Article de 7 pages avec illustrations (extrait)

De ses moulins à huile traditionnels, la Principauté de Monaco n’a conservé qu’un souvenir voilé par le temps. Seuls un boulevard - et la place où il aboutit - ainsi qu’une descente exigüe, en sauvegardent aujourd’hui, par leur dénomination, la fragile mémoire. L’huile extraite à Monaco n’a pas moins constitué dans les siècles passés la fierté du pays et un pilier de son économie. A partir des archives de la Santé maritime du port de Marseille1, ont été retracés, de 1731 à 1800, pas moins de l2 114 navires ayant apporté dans la cité phocéenne 109 770 milleroles2 d’huile d’olive de la Principauté3. Bien que les zones d’exploitation et d’exportation furent par la suite réduites, cette activité traditionnelle ne s’est pas moins poursuivie jusqu’au début du XXe siècle. A la raréfaction de la quantité n’a toutefois pas correspondu une diminution de la qualité ; ainsi, lors des Expositions universelles de 1873 (Vienne) et de 1900 (Paris), 2 exploitants monégasques furent respectivement distingués à ce titre, le second recevant une médaille d’or pour, notamment, l’huile d’olive vierge provenant de sa propriété du Vallon de la Noix4.

En 1846, une vingtaine de moulins fonctionnaient en Principauté27; auparavant leur nombre fut sensiblement supérieur.

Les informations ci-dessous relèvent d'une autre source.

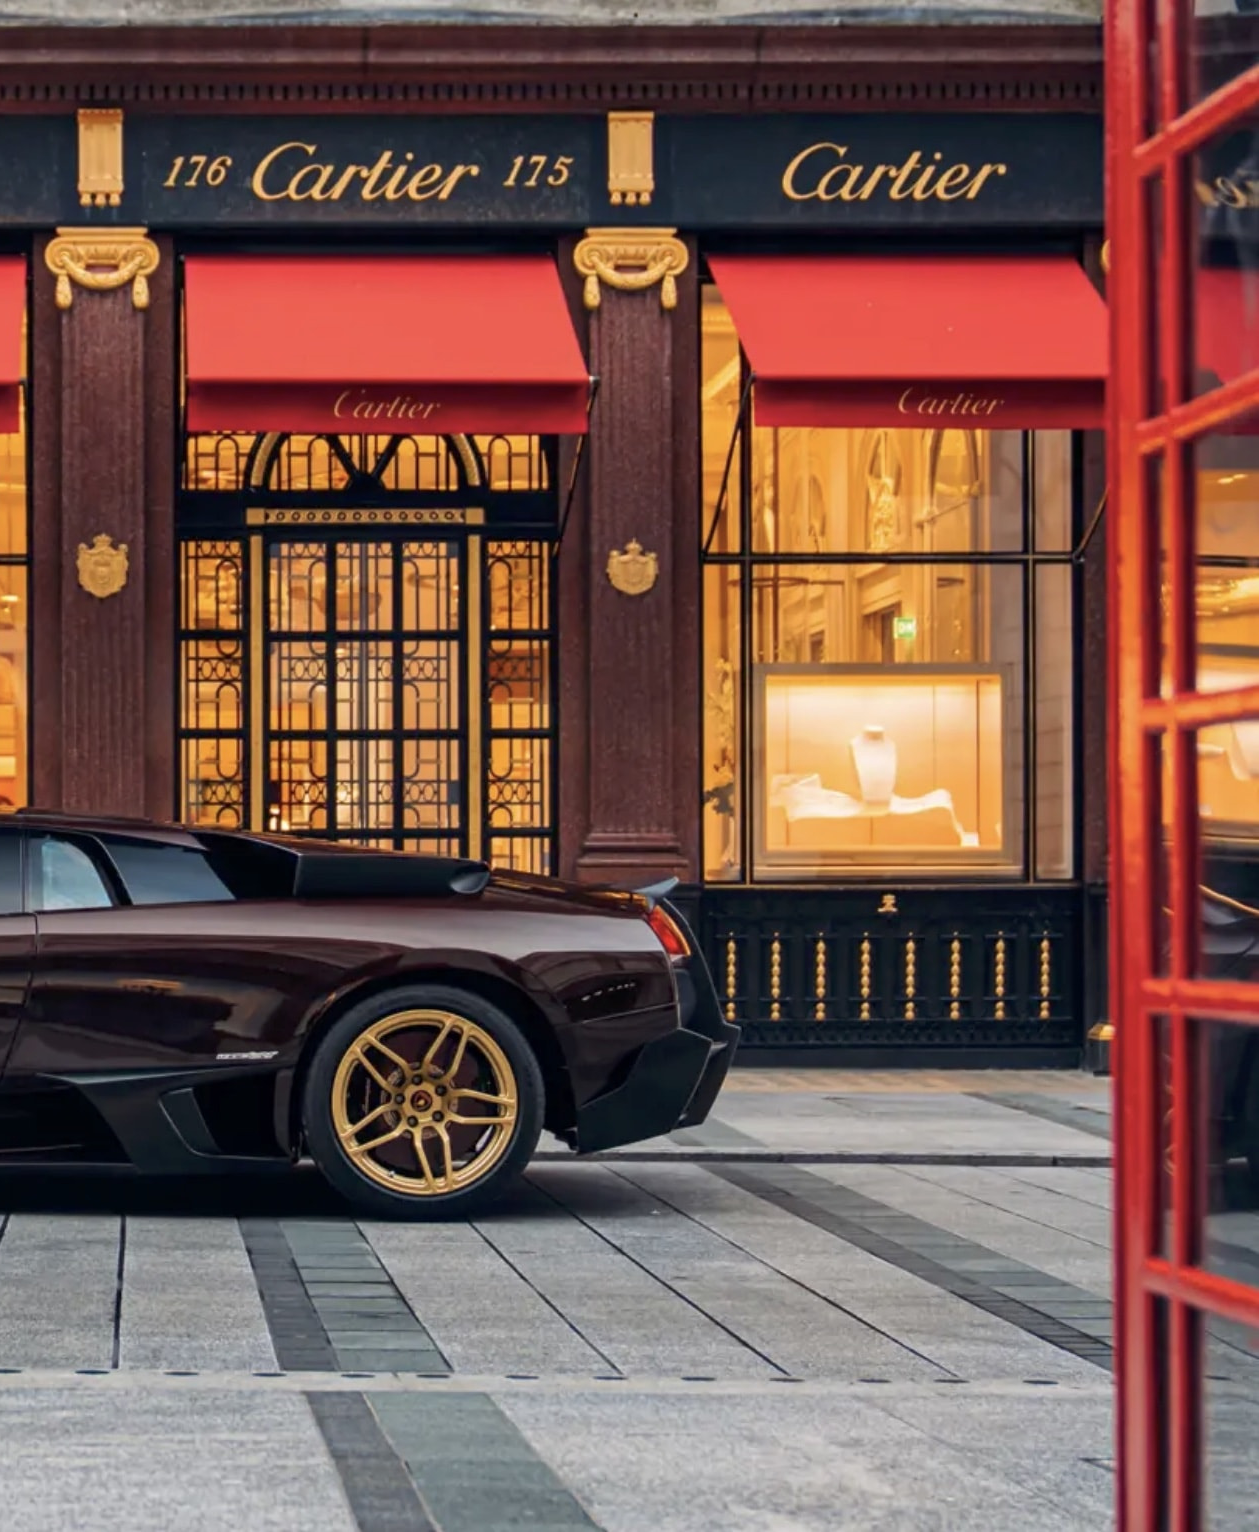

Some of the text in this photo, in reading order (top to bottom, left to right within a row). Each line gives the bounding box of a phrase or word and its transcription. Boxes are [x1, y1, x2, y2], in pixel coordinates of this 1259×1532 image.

[164, 141, 573, 203] 176 Cartier 175
[780, 142, 1007, 202] Cartier
[333, 389, 441, 419] Cartier
[897, 386, 1005, 415] Cartier

 Si, déjà, la trituration des olives avait fait l’objet, le 7 août 1815, d’une réglementation mal ressentie par les producteurs, en 1816, au motif de remédier à une mauvaise qualité des farines et du pain, ainsi qu’à leur cherté, le Prince héréditaire Honoré (le futur Honoré V) expropria en effet, dans le contexte de la tristement célèbre « exclusive des blés », 4 moulins à huile (dont 2 auraient toutefois été restitués par la suite) de la vallée mentonnaise du Careï pour les faire moderniser et les transformer en moulins à grains. La popularité de ce souverain réformateur (il fut le premier à organiser notamment la séparation des pouvoirs administratif et judiciaire et à instituer le double degré de juridiction) ne s’en trouva pas favorisée, d’autant que les exportations d’huile, frappées d’une taxe disproportionnée, se trouvaient proscrites de fait. Sous le règne de son successeur, son frère Florestan, des réticences se manifestèrent à la suite d’une décision de la Princesse Caroline d’établir à Menton un « gigantesque moulin à haute pression » (le gouverneur Raymond de Boyer de Sainte Suzanne et l’historien Jean-Honoré Labande mentionnent pour leur part l’édification d’un second moulin de ce type à Monaco même). En 1844, en effet, sous l’influence de son épouse, le nouveau Prince, estimant les moulins traditionnels peu performants, fit construire dans la vallée du Careï, par un ingénieur aixois, un complexe de transformation des olives en huile doté d’un mécanisme moderne de conception anglaise. Cette affaire, connue sous le nom du « moulin à huile de Menton » provoqua un mécontentement si généralisé que le souverain fut contraint dès l’année suivante à fermer l’établissement « modèle ». Une ordonnance du 29 novembre 1845 vint ensuite régir la vente des olives, la Sérénissime Chambre (le trésor princier), se voyant attribuer un droit exclusif d’achat ; l’on n’hésita pas alors à parler d’« exclusive des olives ». Au cours de la première moitié du XIXe siècle, l’oléiculture de la Principauté fut ainsi l’enjeu d’intérêts économiques qui ont très certainement influé sur son développement.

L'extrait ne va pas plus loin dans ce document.